Task directions
The entries below are to be restated exactly, and their images are to be omitted.

Given information

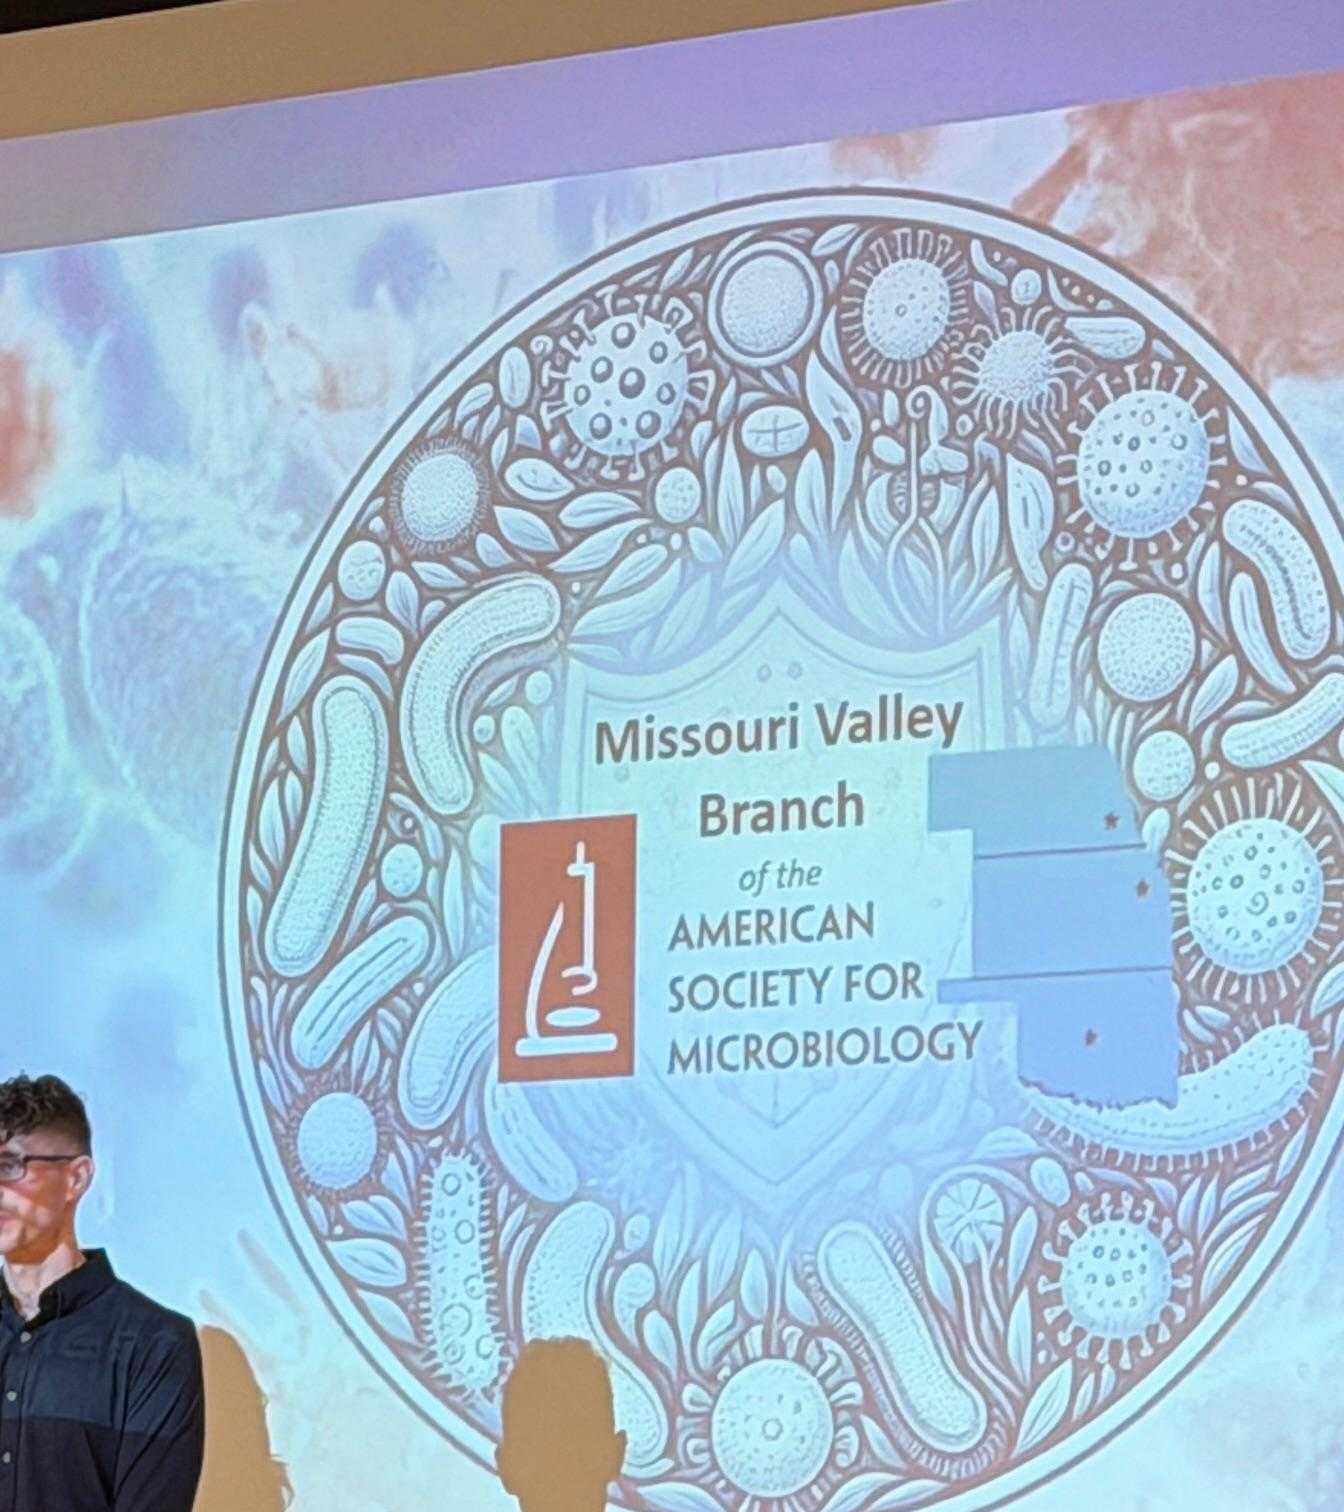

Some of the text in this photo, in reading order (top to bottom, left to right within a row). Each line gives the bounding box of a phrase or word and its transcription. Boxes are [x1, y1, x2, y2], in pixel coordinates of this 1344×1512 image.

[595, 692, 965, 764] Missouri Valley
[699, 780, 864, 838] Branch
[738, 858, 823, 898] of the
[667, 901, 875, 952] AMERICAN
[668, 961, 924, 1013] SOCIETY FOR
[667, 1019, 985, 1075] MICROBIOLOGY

Solved exercise
Some of the text in this photo, in reading order (top to bottom, left to right within a row). Each line gives the bounding box of a phrase or word and its transcription. Boxes are [x1, y1, x2, y2], in pixel coordinates of this 1344×1512 image.

[595, 692, 965, 764] Missouri Valley
[699, 780, 864, 838] Branch
[738, 858, 823, 898] of the
[667, 901, 875, 952] AMERICAN
[668, 961, 924, 1013] SOCIETY FOR
[667, 1019, 985, 1075] MICROBIOLOGY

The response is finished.